**Problem to work on:** Keep the pictures out and restate every record exactly.

(Stored entries)
=-=-=-=-=

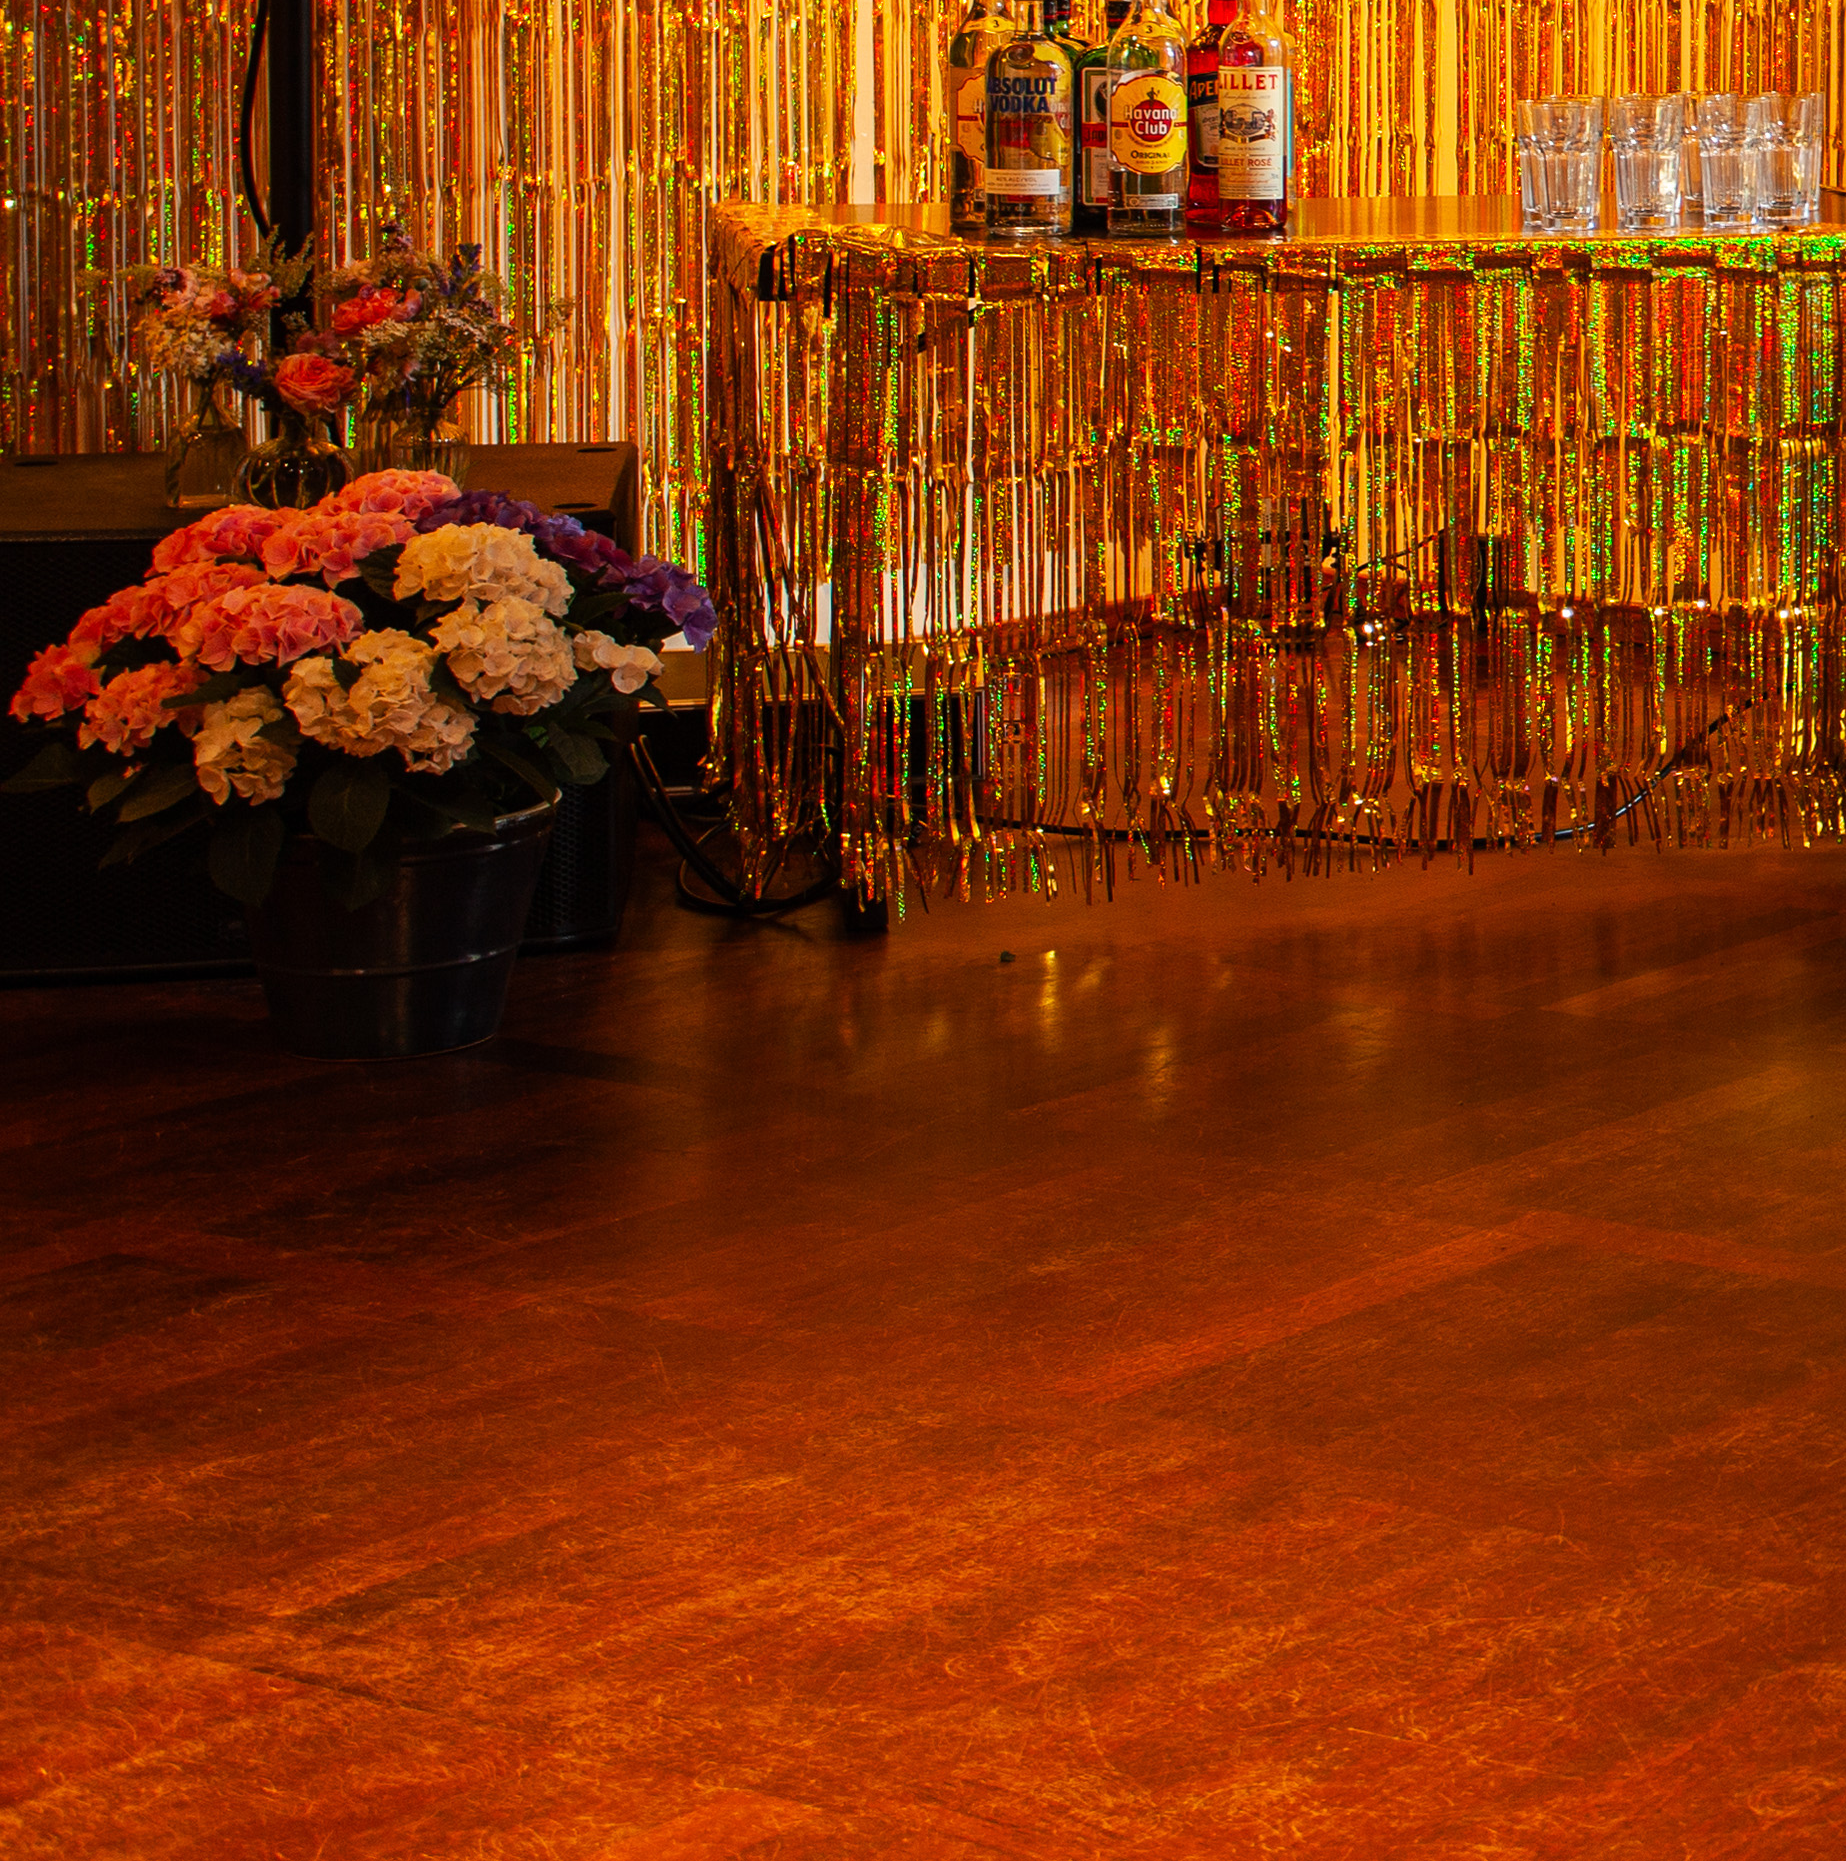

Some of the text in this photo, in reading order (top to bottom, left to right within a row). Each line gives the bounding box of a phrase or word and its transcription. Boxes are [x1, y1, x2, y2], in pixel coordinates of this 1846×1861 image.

[993, 19, 1000, 28] 3
[1145, 25, 1153, 34] 3
[1218, 74, 1278, 90] ILLET
[990, 95, 1051, 113] VODKA
[1124, 106, 1179, 120] Havana
[1135, 121, 1168, 135] Club

=-=-=-=-=

**Solution to the exercise:**
Some of the text in this photo, in reading order (top to bottom, left to right within a row). Each line gives the bounding box of a phrase or word and its transcription. Boxes are [x1, y1, x2, y2], in pixel coordinates of this 1846×1861 image.

[993, 19, 1000, 28] 3
[1145, 25, 1153, 34] 3
[1218, 74, 1278, 90] ILLET
[990, 95, 1051, 113] VODKA
[1124, 106, 1179, 120] Havana
[1135, 121, 1168, 135] Club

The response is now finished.